@wordpress/env (wp-env) is the official Docker-based local WordPress environment from the Gutenberg team. It spins up a fully configured WordPress instance in under a minute — no XAMPP, MAMP, or manual Docker Compose files required. It supports custom plugins, themes, mapped directories, multiple PHP versions, and test environments alongside development environments, all from a single .wp-env.json config file.
Problem: WordPress local development environments — XAMPP, Local by Flywheel, MAMP — require manual setup, differ from production, and cannot be scripted into a reproducible environment definition that all team members share.
Solution: Use @wordpress/env (wp-env): install with npm install -D @wordpress/env, define the environment in .wp-env.json including WordPress version, active plugins, and mapped directories, then run npx wp-env start. The environment runs in Docker containers and is reproducible across macOS, Linux, and Windows — any developer gets an identical setup with one command.
The commands below install wp-env, configure it with a .wp-env.json file for a plugin project, show common lifecycle commands, and demonstrate the test environment and custom PHP version features.

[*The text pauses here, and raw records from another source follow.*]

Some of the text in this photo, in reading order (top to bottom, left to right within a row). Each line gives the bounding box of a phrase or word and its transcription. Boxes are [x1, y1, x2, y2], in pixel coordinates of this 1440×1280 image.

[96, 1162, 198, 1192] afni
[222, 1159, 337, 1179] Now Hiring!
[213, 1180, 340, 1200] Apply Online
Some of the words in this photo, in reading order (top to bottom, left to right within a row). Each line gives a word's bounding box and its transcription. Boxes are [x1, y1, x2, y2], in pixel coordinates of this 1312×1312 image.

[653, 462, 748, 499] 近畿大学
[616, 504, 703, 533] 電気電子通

# 1. Install globally (requires Docker Desktop running)
npm install -g @wordpress/env
# 2. Start environment (from plugin or theme root)

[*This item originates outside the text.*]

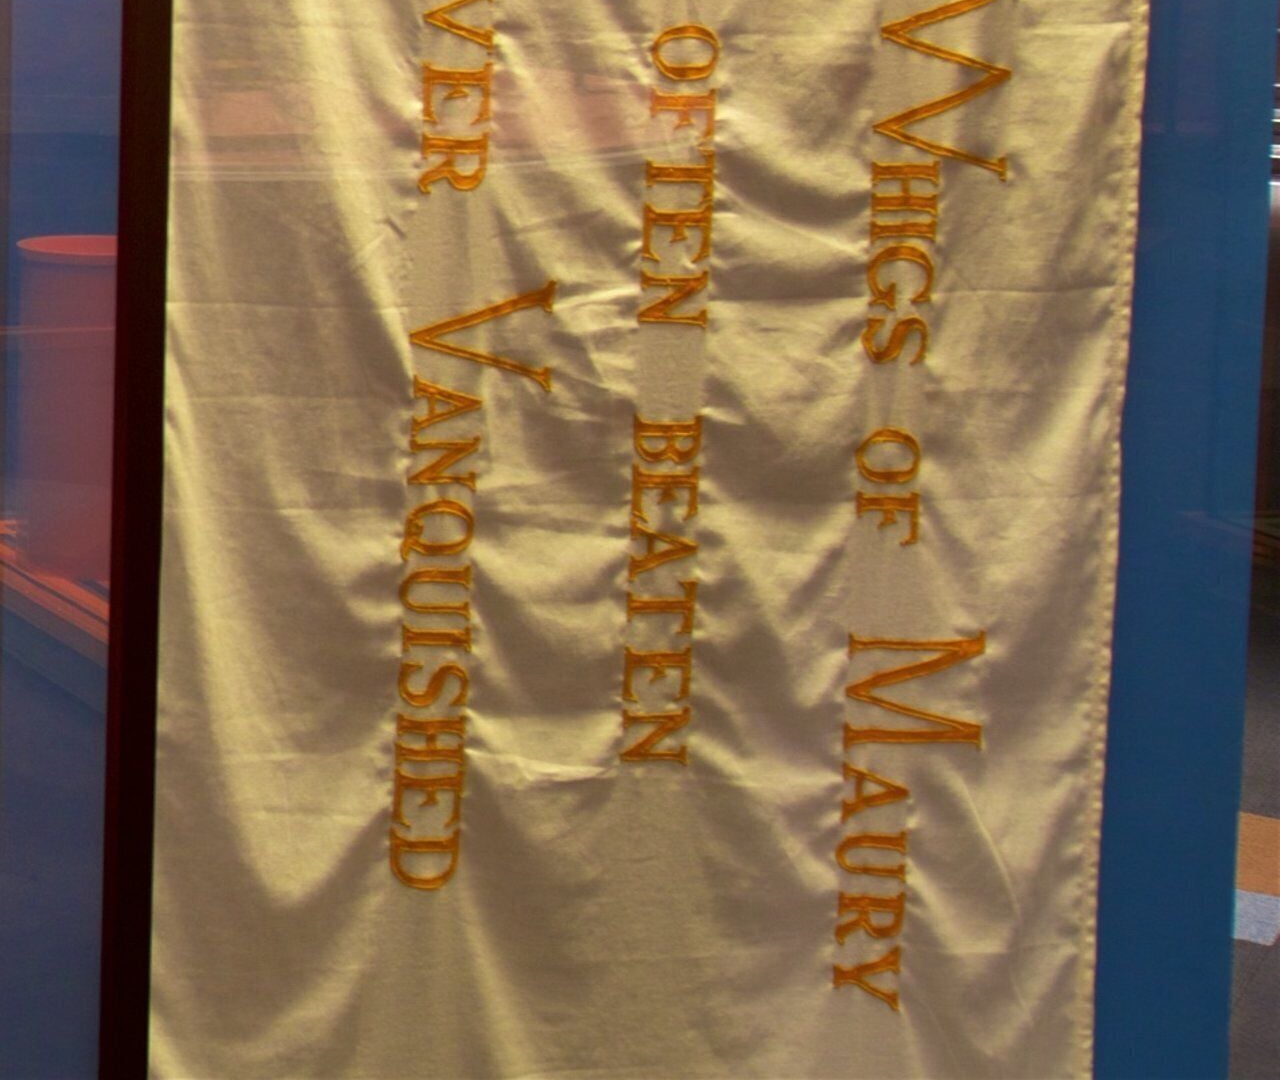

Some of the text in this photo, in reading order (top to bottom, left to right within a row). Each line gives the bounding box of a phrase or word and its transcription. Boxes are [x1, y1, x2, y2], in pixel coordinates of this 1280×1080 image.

[619, 24, 719, 765] OFTEN BEATEN
[855, 427, 920, 545] OF

wp-env start # first run downloads WordPress images (~2 min)
wp-env start --update # pull latest WordPress/PHP images
# 3. Common lifecycle commands
wp-env stop # stop containers (data persists)
wp-env clean all # wipe data and reinstall WordPress
wp-env destroy # remove containers and volumes completely
# 4. Run WP-CLI inside wp-env
wp-env run cli wp plugin list
wp-env run cli wp user create testuser test@example.com --role=editor
wp-env run cli wp option update blogname "My Dev Site"
# 5. Run PHPUnit in the test environment
wp-env run tests-cli vendor/bin/phpunit
wp-env run tests-cli wp --version # confirm test WordPress instance
{
"$schema": "https://schemas.wp.org/trunk/wp-env.json",
"core": "WordPress/WordPress#6.8",
"phpVersion": "8.2",
"plugins": [
".",
"https://downloads.wordpress.org/plugin/woocommerce.latest-stable.zip",
"https://downloads.wordpress.org/plugin/query-monitor.latest-stable.zip"
],
"themes": [
"https://downloads.wordpress.org/theme/twentytwentyfive.latest-stable.zip"
],
"mappings": {
"wp-content/uploads": "./tests/fixtures/uploads"
},
"config": {
"WP_DEBUG": true,
"SCRIPT_DEBUG": true,
"WP_DEBUG_LOG": true,
"SAVEQUERIES": true
},
"env": {
"tests": {
"config": {
"WP_DEBUG": false
},
"phpVersion": "8.3"
}
}
}
NOTE: wp-env clean all is irreversible — it wipes the WordPress database and all uploaded files in the environment; if you have seeded test data you want to preserve, export it first with wp-env run cli wp db export backup.sql and import after cleaning.